Annotated photo localization data
****

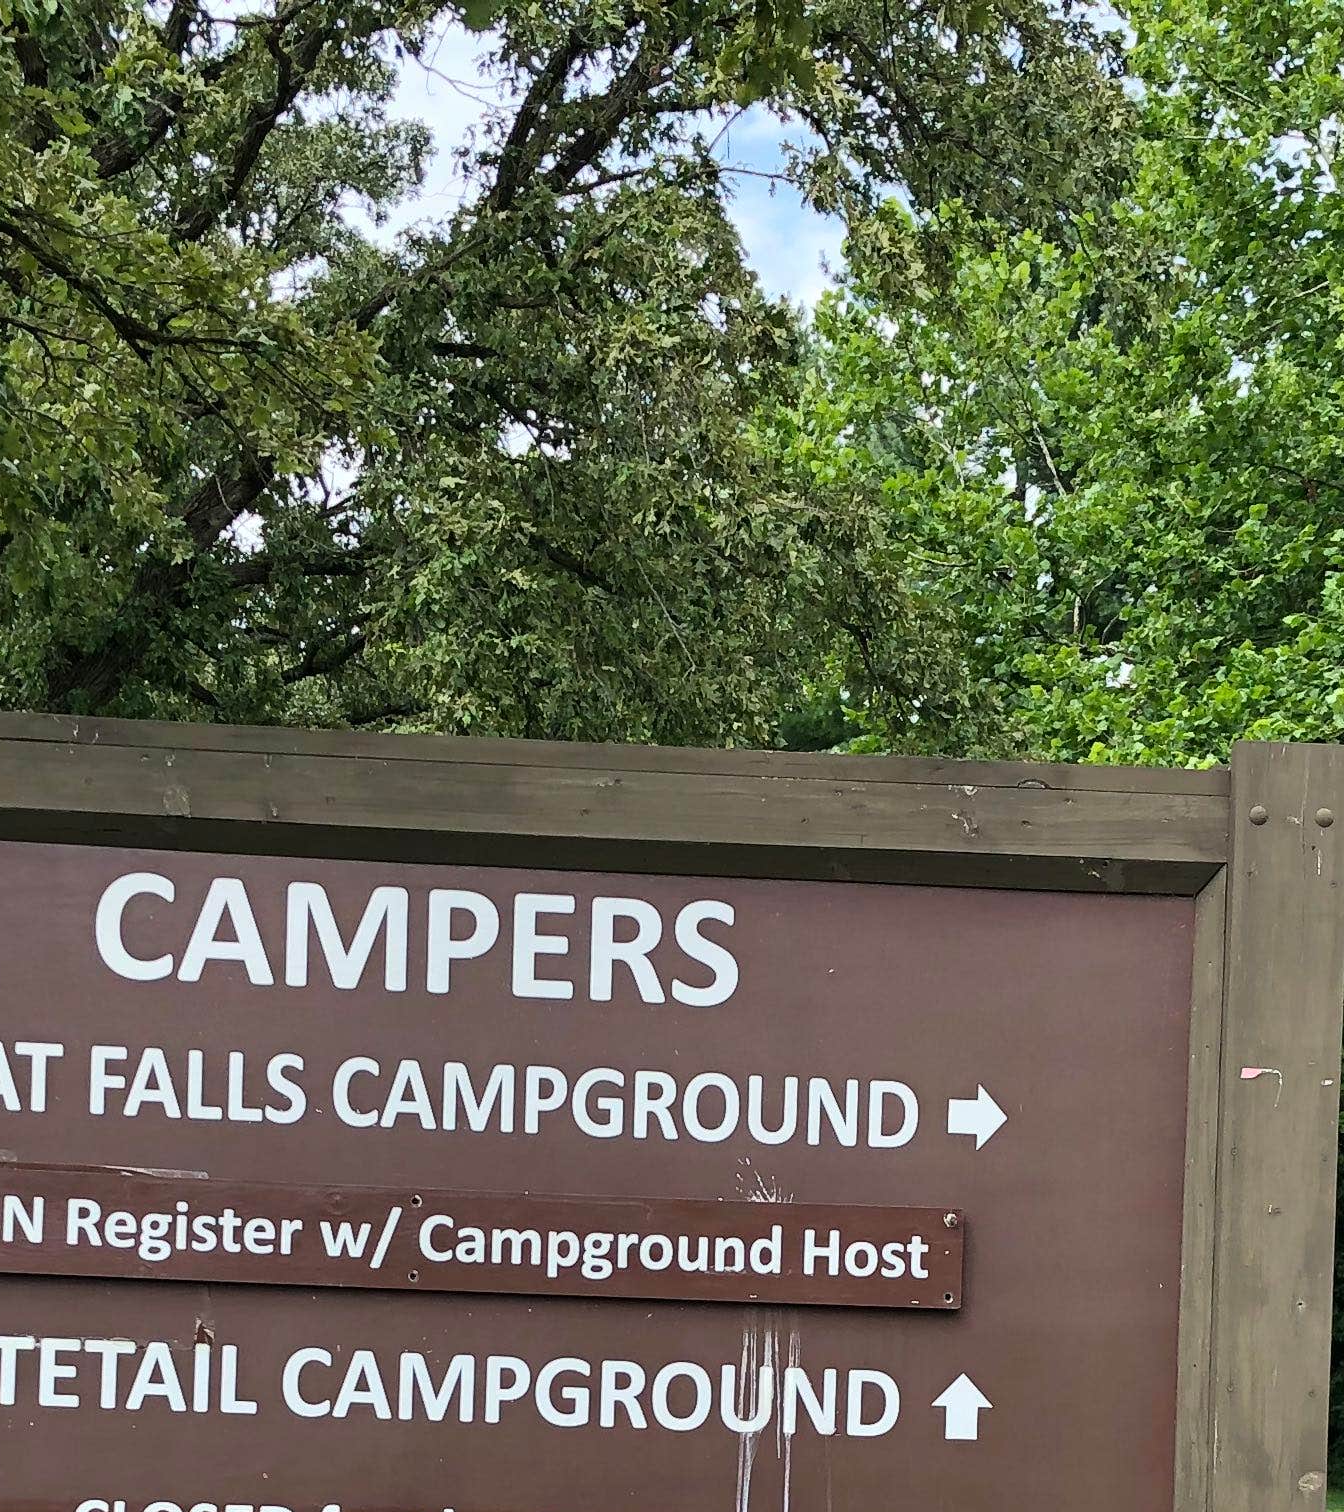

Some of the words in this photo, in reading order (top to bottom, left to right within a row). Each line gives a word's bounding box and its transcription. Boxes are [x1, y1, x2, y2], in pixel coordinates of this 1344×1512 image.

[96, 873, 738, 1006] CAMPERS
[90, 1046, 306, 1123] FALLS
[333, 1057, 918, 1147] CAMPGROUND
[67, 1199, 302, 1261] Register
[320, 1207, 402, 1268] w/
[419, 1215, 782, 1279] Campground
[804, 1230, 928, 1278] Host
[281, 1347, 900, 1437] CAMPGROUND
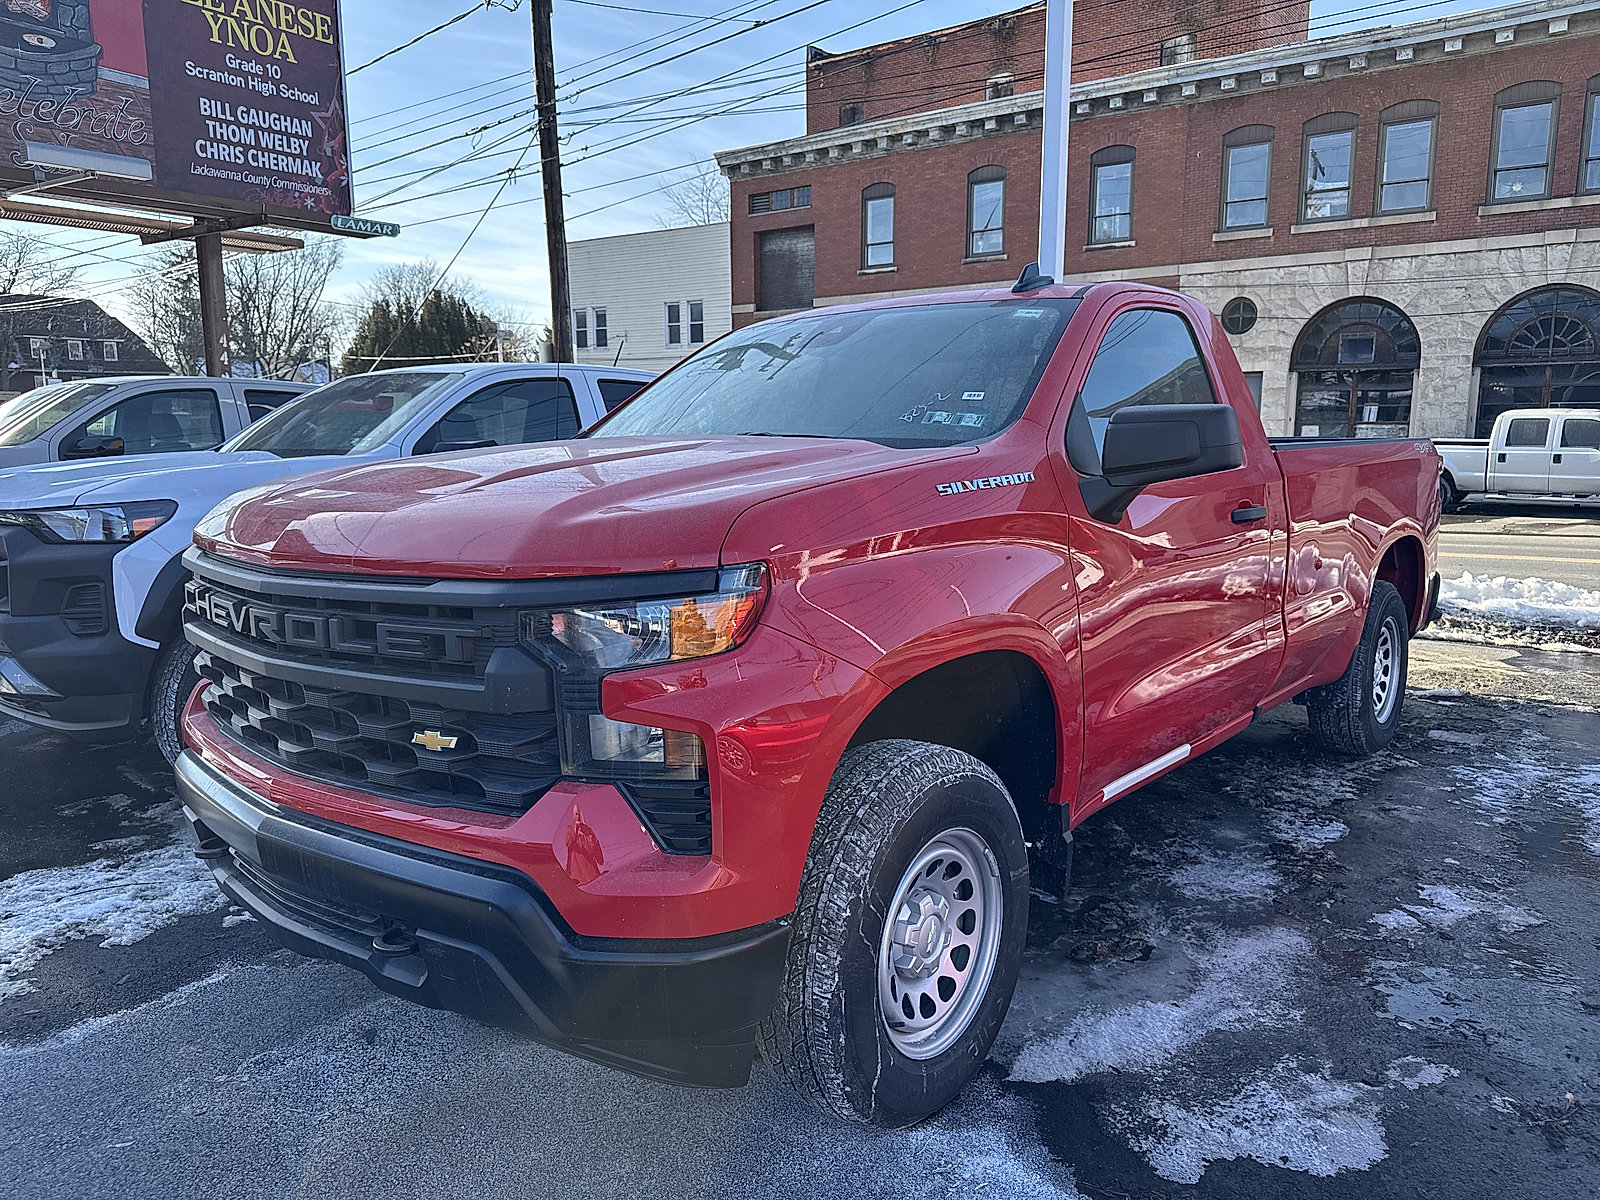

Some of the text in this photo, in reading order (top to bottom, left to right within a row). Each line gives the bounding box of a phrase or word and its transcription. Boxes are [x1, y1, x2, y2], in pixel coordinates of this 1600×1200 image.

****

TASK TO CARRY OUT — Transcribe the data word for word, with no images.

SOLUTION —
Some of the words in this photo, in reading order (top to bottom, left to right within a row). Each line gives a word's bounding box and its transcription. Boxes are [x1, y1, x2, y2], in pixel coordinates of this 1344×1512 image.

[96, 873, 738, 1006] CAMPERS
[90, 1046, 306, 1123] FALLS
[333, 1057, 918, 1147] CAMPGROUND
[67, 1199, 302, 1261] Register
[320, 1207, 402, 1268] w/
[419, 1215, 782, 1279] Campground
[804, 1230, 928, 1278] Host
[281, 1347, 900, 1437] CAMPGROUND

Some of the text in this photo, in reading order (top to bottom, left to right within a row). Each line gives the bounding box of a phrase or word and its transcription. Boxes are [x1, y1, x2, y2], in pixel coordinates of this 1600×1200 image.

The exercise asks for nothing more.